The NRC is a contentious issue in Assam, as it is believed to be a precursor to the Citizenship (Amendment) Bill, 2016. The bill was introduced in Lok Sabha on 19 July 2016 by the Narendra Modi government with an aim to amend the Citizenship Act, 1955. According to the provisions of the bill, illegal migrants belonging to religions such as Hindu, Sikh, Buddhist, Jain, Parsi and Christian from Afghanistan, Bangladesh and Pakistan will be eligible for Indian citizenship. Critics alleged that the NRC could forcibly identify bonafide Indian Muslims as illegal immigrants, and thereby strip them of their nationality if the proposed bill is passed. In Assam, it is argued that immigrants, irrespective of their religion, are already eating into their limited resources and rights. The NRC and the subsequent citizenship bill will benefit stakeholders once they are legitimized by citizenship.
Demographically, the NRC also stokes tensions between the ethnic Assamese and other groups. For instance, in 2010, during the process of updating the NRC, Barpeta and Chaygaon violent protests occurred, in which four persons were killed and many others injured. The violence was reportedly targeting suspected Bengali speaking groups in Assam. Similar incidents of violence against non-ethnic Assamese was also reported in the 1990s, against the influx of Hindi-speaking people.
The ethnic tensions therefore have a spillover effect across the border in West Bengal, with the local government there strongly opposing the NRC and linking it to Bengali identity politics. The West Bengal Chief Minister has called the NRC a “Bangali khedao movement”, asking where 4 million people will go. “Bangali Khedao” is a reference to the violent eviction of Bengalis from many parts of Assam in the 1960s and 1970s. The Chief Minister had further warned of protests over the alleged torture of Bengalis.

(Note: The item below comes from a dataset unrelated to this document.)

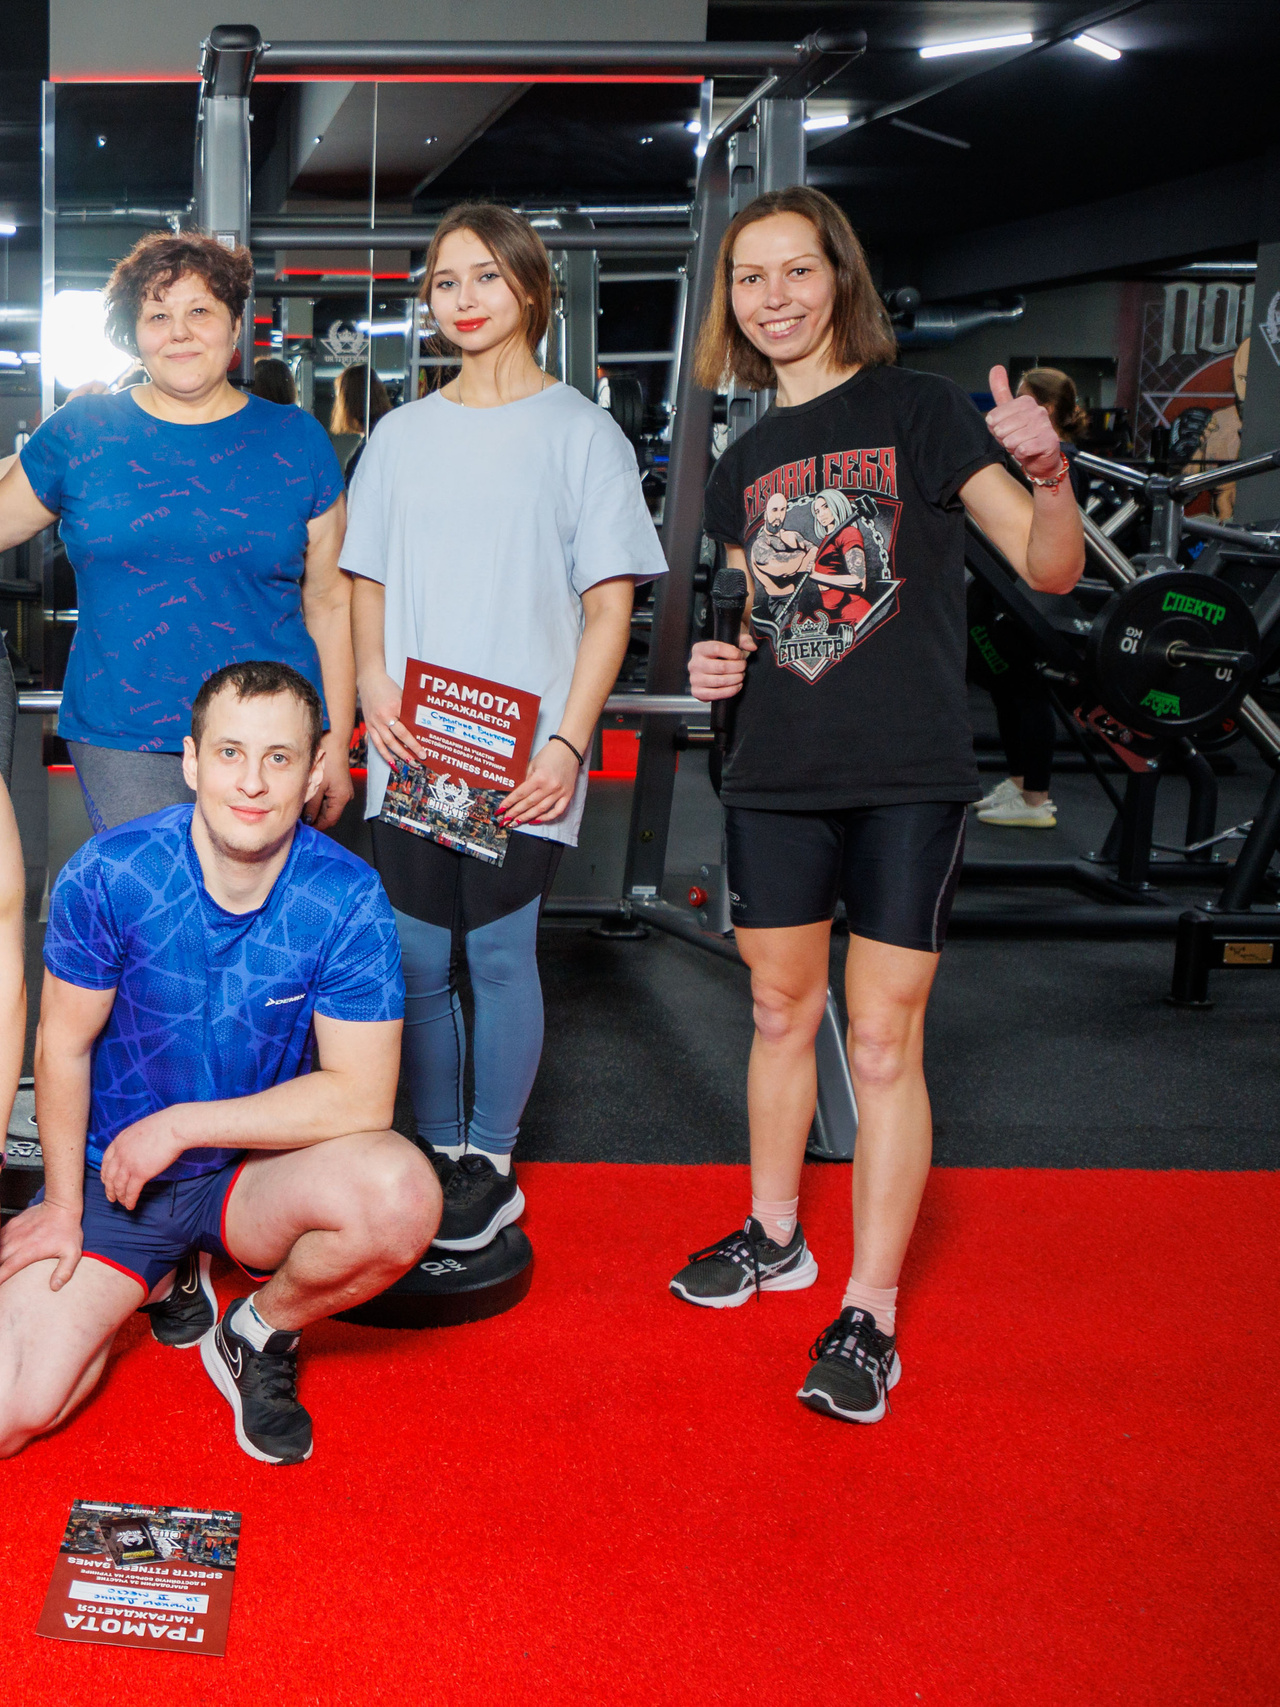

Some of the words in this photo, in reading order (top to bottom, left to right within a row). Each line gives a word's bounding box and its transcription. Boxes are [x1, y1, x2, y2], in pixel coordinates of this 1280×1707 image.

Elsewhere, nationally, the discussion on the NRC is concerned with the possible extension of the exercise outside Assam, to at least all the border states, with some alleging the need for such an exercise in Rajasthan for instance. Critics have alleged that the NRC is a futile exercise, as suspected illegal immigrants could easily move across the state borders to areas where such documentation does not exist. To conduct this exercise on a national scale would be both time consuming, and potentially politically divisive as it could erode into the vote banks, including those who have illegally obtained electoral documents.
While there are tensions associated with the NRC, the entire exercise has been carried out in a relatively peaceful manner. Ahead of the release of the final NRC draft on July 29, Assam Chief Minister Sarbananda Sonowal had appealed to the people in the state of Assam to maintain calm. He pointed out that the first draft was released in a peaceful environment too. The State Government has enhanced security across the state and imposed Section 144 of Code of Criminal Procedure in seven districts of Assam. This section prohibits unlawful assembly of over four people.
It is likely that there will be no disruption to the working environment in the state, especially as there remains a long road ahead for the NRC and considering it has already been over six decades since it was launched. The central government has also calmed frayed nerves by stating that immediate action against those who are not endorsed in the NRC is not expected. The Supreme Court has directed the Central Government to set a standard operating procedure on NRC and submit it for its approval.
In near to medium term, the NRC process continues to be rolling on as per a roadmap of the authorities. Despite rhetorical statements from opponents of the NRC, no significant demonstrations have taken place over the issue, and it is likely to remain peaceful till much later in the registration cycle. The government has stated plans to introduce biometric mapping to mitigate the possibility of migrants escaping to the other states; however, it is unclear when such a plan could roll out, or if it could meet the approval of the Supreme Court. Due to the various political and social vagaries which surround this issue, it is recommended to keep monitoring this.